Im Jahre 1904 errichtet der deutsch-jüdische Kaufmann Oskar Tietz am Alexanderplatz ein Warenhaus anstelle der großen Berliner Zuschneide-Akademie, die sich in einem Nachfolgebau der einstigen Seidenmanufaktur des Fabrikanten Treitschke befand, zwischen der Straße am Königsgraben (heutige Dircksenstraße) und der Alexanderstraße. Es ist das zweite Kaufhaus des Oskar Tietz in Berlin, der es nach seinem Stiefonkel und Förderer Hermann Tietz benennt.
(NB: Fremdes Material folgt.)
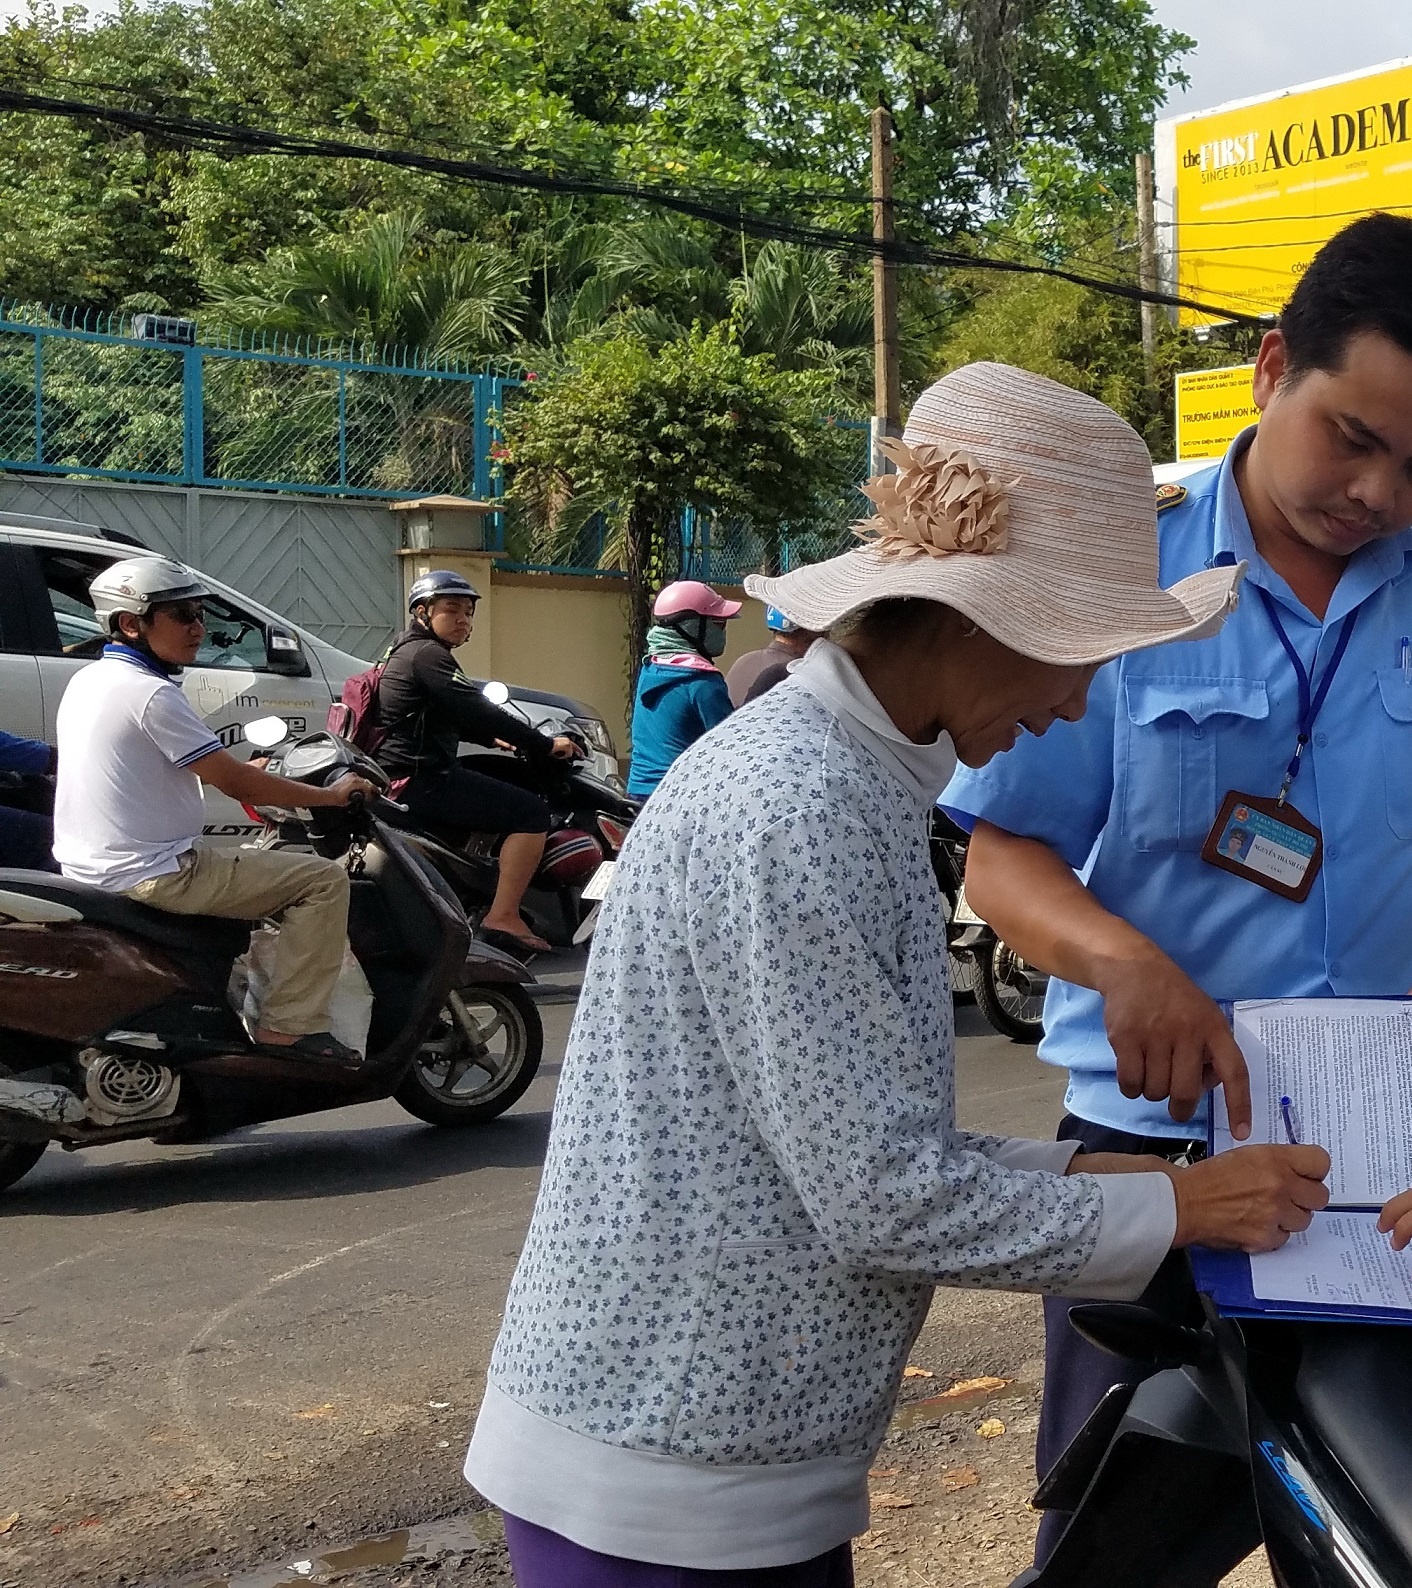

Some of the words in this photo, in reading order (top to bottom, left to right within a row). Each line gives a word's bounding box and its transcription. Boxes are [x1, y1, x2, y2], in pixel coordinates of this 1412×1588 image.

[1183, 149, 1201, 169] the
[1200, 131, 1260, 172] FIRST
[1201, 168, 1229, 185] SINCE
[1233, 162, 1260, 179] 2013
[1182, 411, 1212, 423] TRƯỜNG
[1232, 407, 1248, 418] NON
[236, 692, 259, 708] im
Entworfen wird der Bau, der direkt hinter der Berolina in die Höhe wächst, von den Architekten Wilhelm Albert Cremer und Richard Wolffenstein. Um genügend Platz für den Bau zu schaffen, werden alle Gebäude zwischen dem Alexanderplatz und der Straße am Königsgraben rigoros abgerissen. So fallen unter anderem das ehemalige Manufakturhaus und das Gebäude, an dessen Ort einst das Lessing-Haus stand, dem Warenhaus zum Opfer. Die Lessing-Büste und die Erinnerungstafel für den Dichter, die an letzterem Gebäude angebracht waren, verschwinden ins Dunkel der Geschichte.
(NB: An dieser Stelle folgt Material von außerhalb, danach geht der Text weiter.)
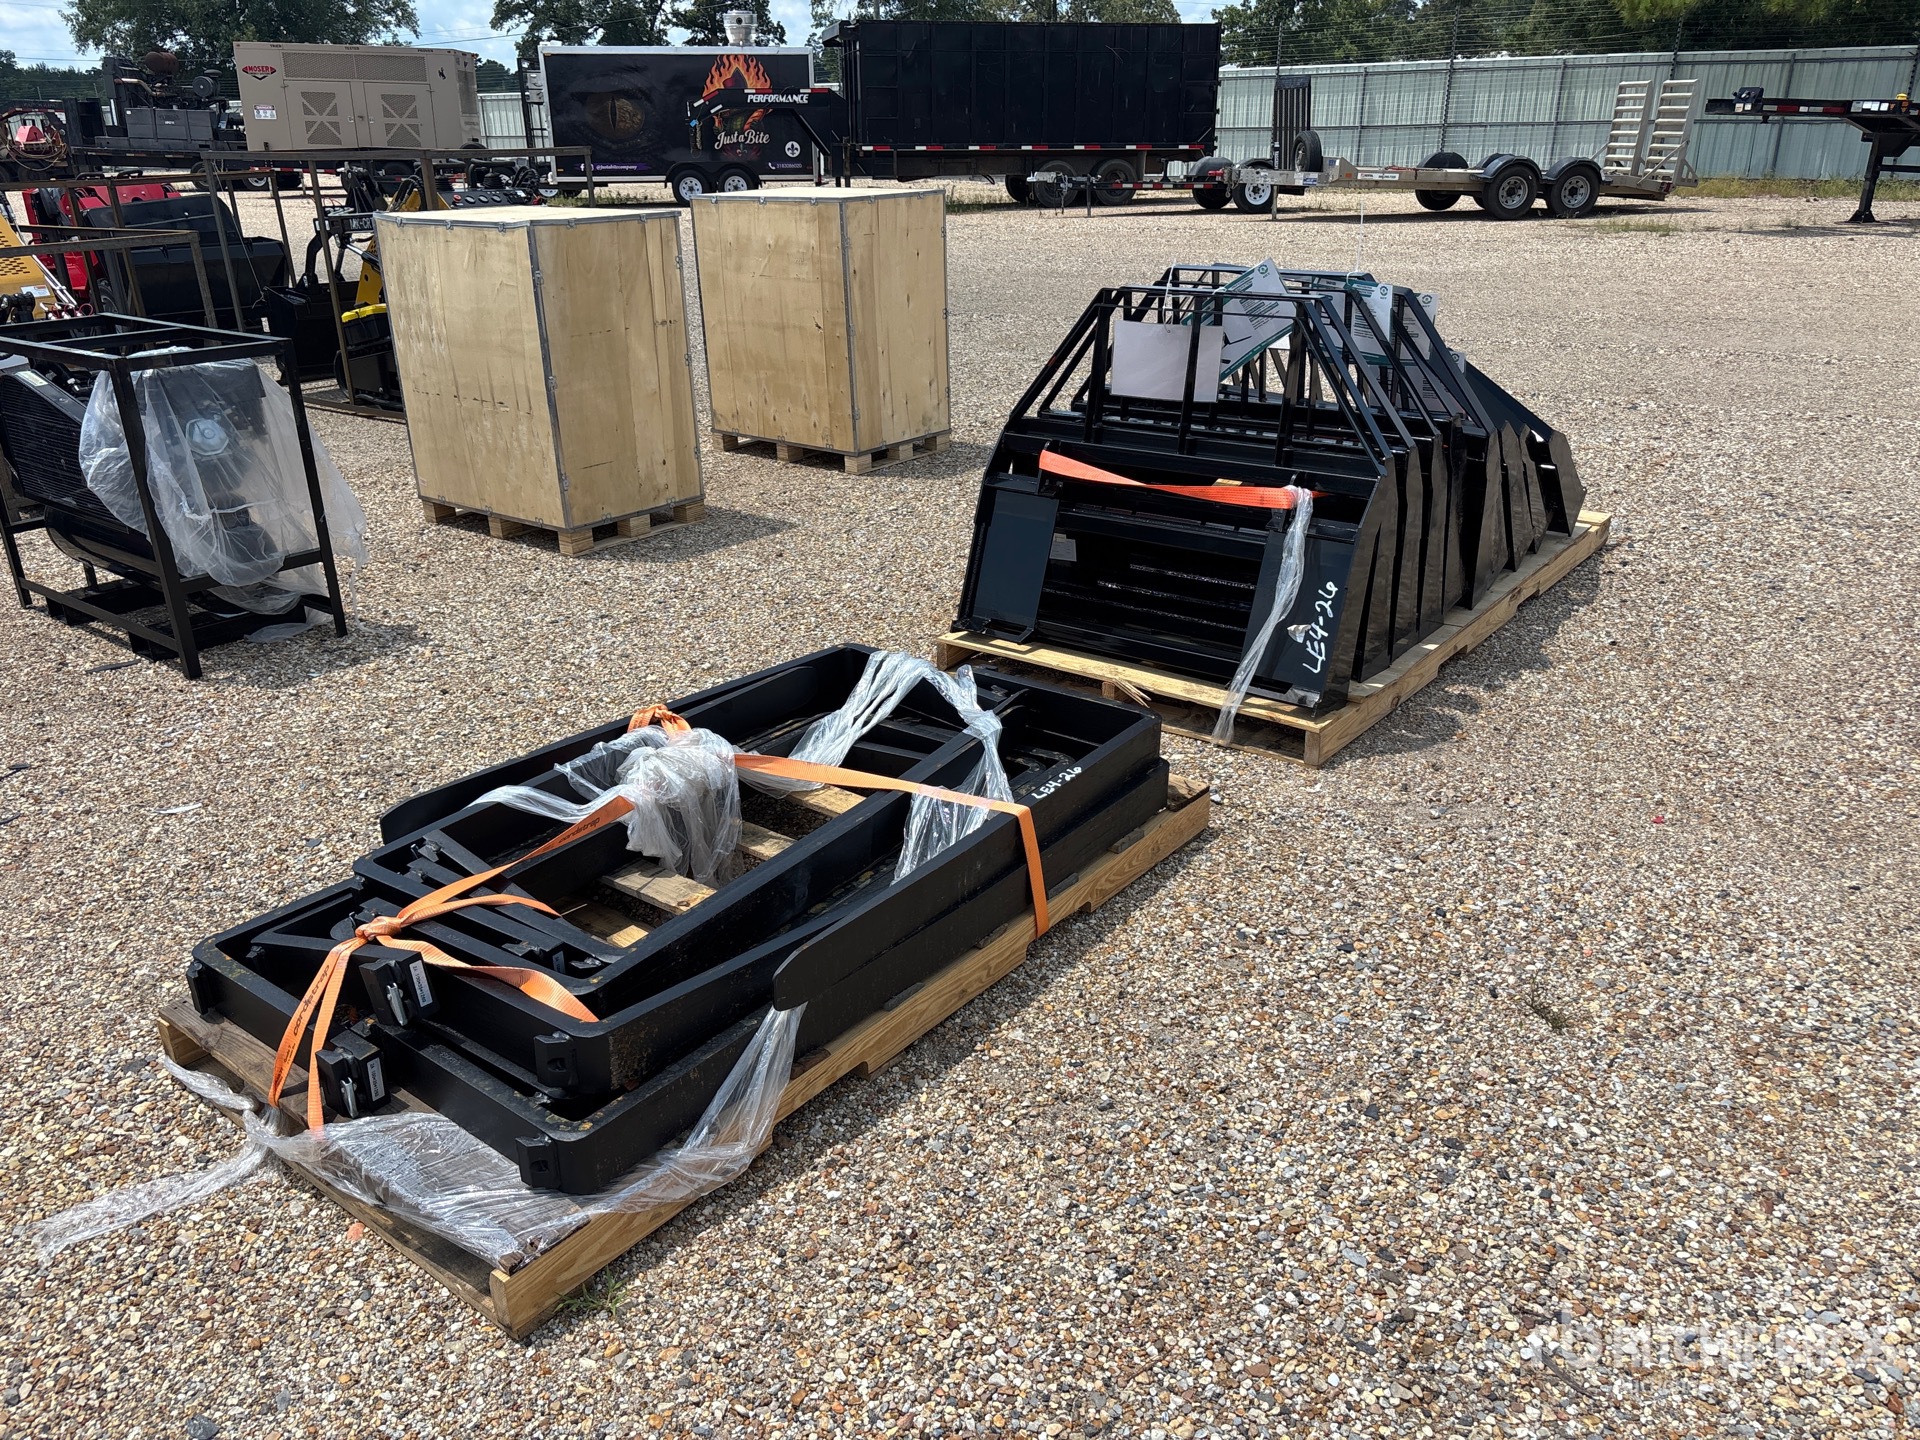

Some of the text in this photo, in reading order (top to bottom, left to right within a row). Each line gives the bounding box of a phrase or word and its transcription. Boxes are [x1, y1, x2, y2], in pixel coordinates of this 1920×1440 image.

[248, 65, 271, 73] MOSER
[747, 93, 810, 104] PERFORMANCE
[714, 129, 770, 150] Just a Bite
[350, 217, 374, 230] MK-CR
[1302, 581, 1338, 673] LE4-26
[1031, 766, 1082, 799] LE4-26
[293, 965, 330, 1037] cordstrap
Im Oktober 1905 wird das neue Kaufhaus feierlich eröffnet. Doch schon in den Jahren 1907/08 und später noch einmal 1910/11 finden erneut Bauarbeiten statt – das Kaufhaus erhält zwei Erweiterungsbauten. Nach ihrer Fertigstellung ist es das größte Warenhaus der Welt! Entlang der Alexanderstraße nimmt es jetzt eine Front von 250 Metern ein – ein weiterer Weltrekord, denn es verfügt damit über die längste Kaufhausfront der Welt. Über dem Giebel an seiner Frontseite trägt das Gebäude eine Weltkugel mit dem Namen Tietz – der berühmte Tietz-Globus. Ein weiteres herausragendes Merkmal des Warenhauses ist sein Lichthof, dessen sieben ovale Öffnungen den Schein von 40.000 Kerzen ausstrahlen.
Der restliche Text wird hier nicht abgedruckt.